== Activity ==
In the records below, the line with "this 1500×1000 image." opens the range and the line with "this 1600×1200 image." closes it; print that range exactly and nothing else.

[Items listed in a dataset]
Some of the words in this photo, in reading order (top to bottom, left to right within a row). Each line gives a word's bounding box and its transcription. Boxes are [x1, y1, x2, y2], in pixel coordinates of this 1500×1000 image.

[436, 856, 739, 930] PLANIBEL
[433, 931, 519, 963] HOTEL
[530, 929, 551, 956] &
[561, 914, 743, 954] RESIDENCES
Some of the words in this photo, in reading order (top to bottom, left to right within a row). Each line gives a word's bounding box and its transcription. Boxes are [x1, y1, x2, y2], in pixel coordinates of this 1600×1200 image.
==
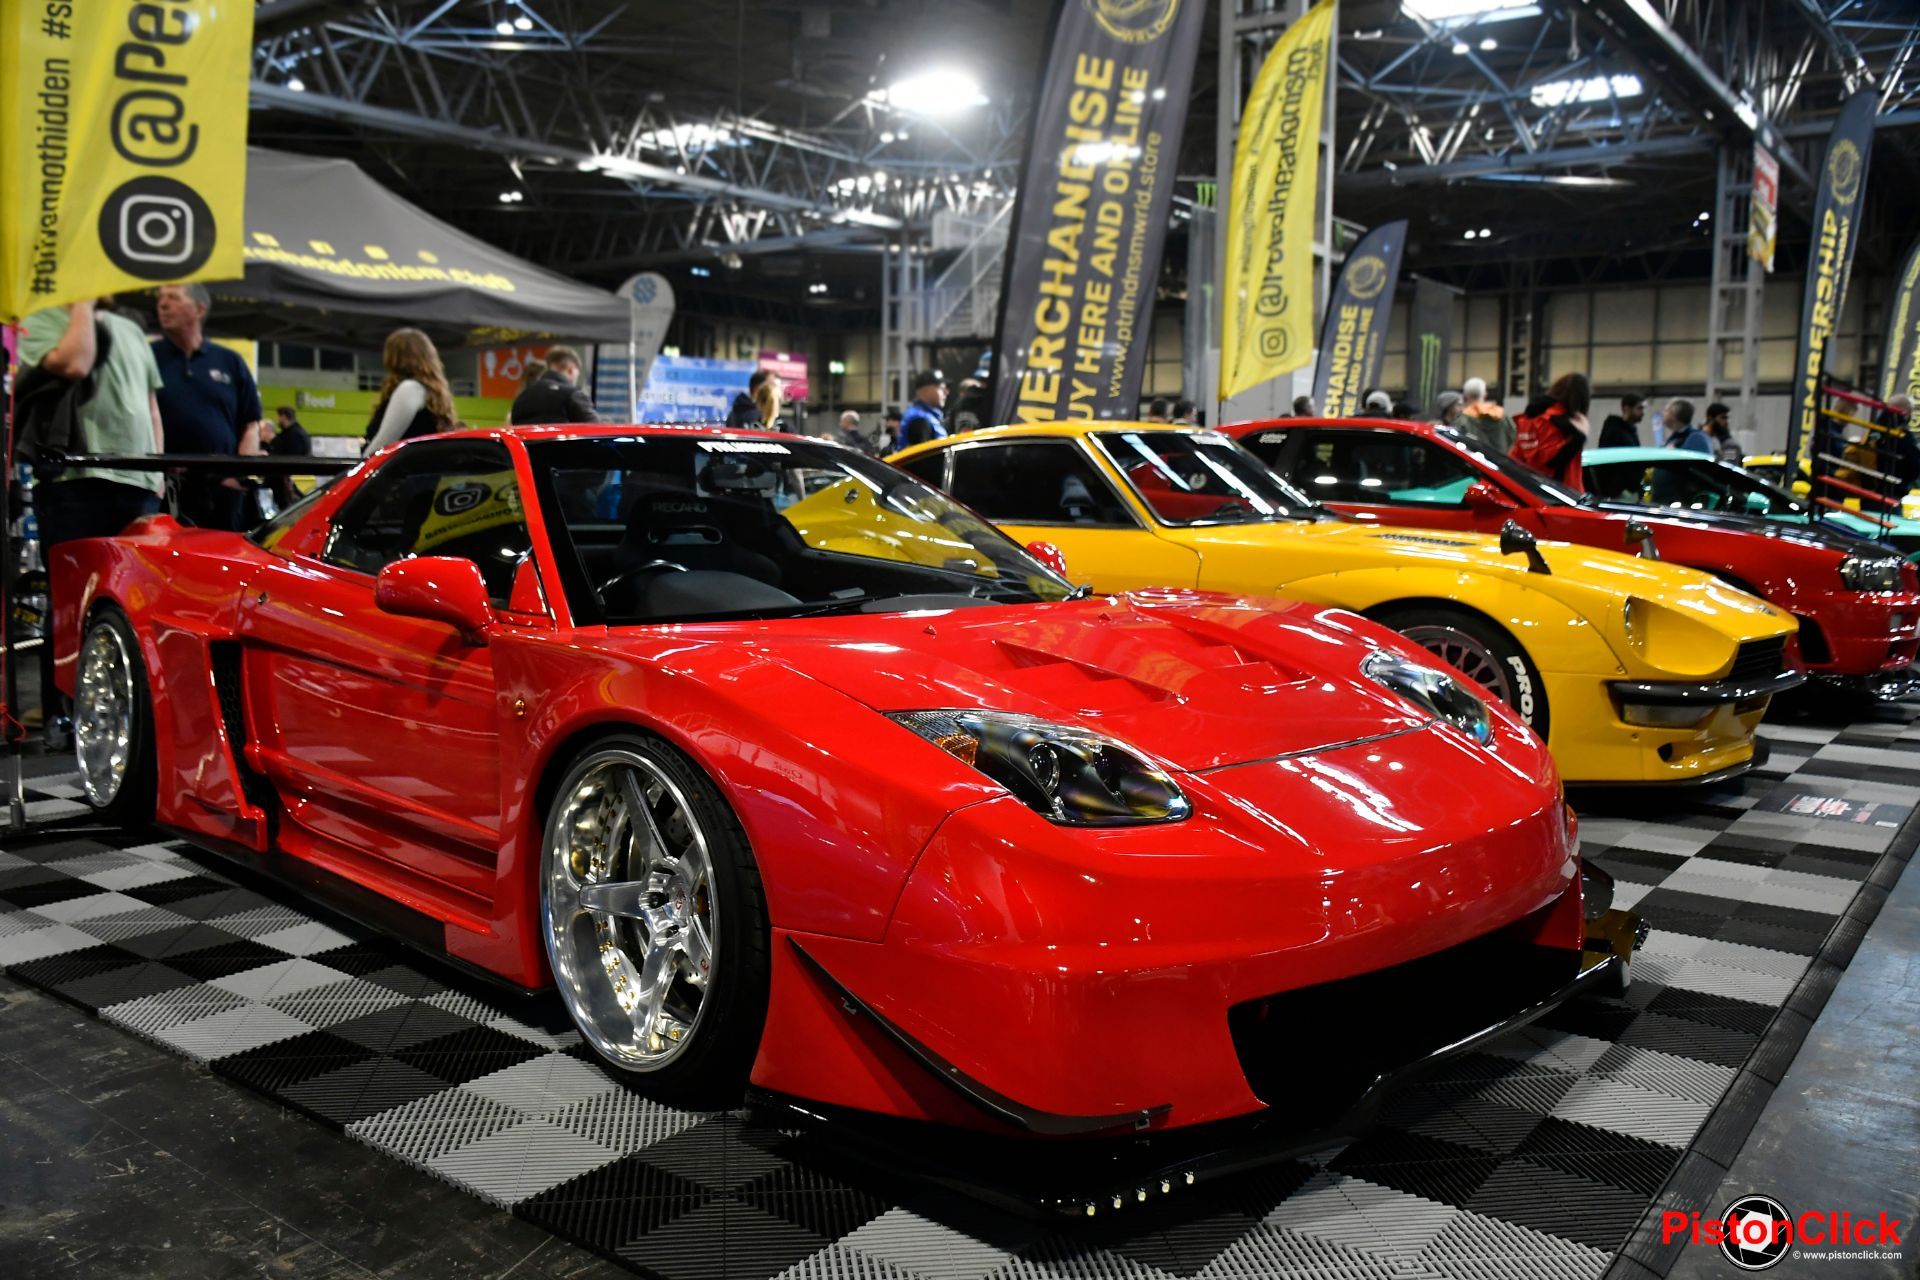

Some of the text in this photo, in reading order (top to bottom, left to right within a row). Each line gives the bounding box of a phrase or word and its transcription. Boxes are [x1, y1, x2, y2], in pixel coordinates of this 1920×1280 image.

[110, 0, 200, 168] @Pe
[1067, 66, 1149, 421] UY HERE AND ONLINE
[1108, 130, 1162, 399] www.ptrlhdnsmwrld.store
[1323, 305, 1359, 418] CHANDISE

== Solution for this task ==
Some of the words in this photo, in reading order (top to bottom, left to right within a row). Each line gives a word's bounding box and its transcription. Boxes are [x1, y1, x2, y2], in pixel coordinates of this 1500×1000 image.

[436, 856, 739, 930] PLANIBEL
[433, 931, 519, 963] HOTEL
[530, 929, 551, 956] &
[561, 914, 743, 954] RESIDENCES
Some of the words in this photo, in reading order (top to bottom, left to right within a row). Each line gives a word's bounding box and its transcription. Boxes are [x1, y1, x2, y2], in pixel coordinates of this 1600×1200 image.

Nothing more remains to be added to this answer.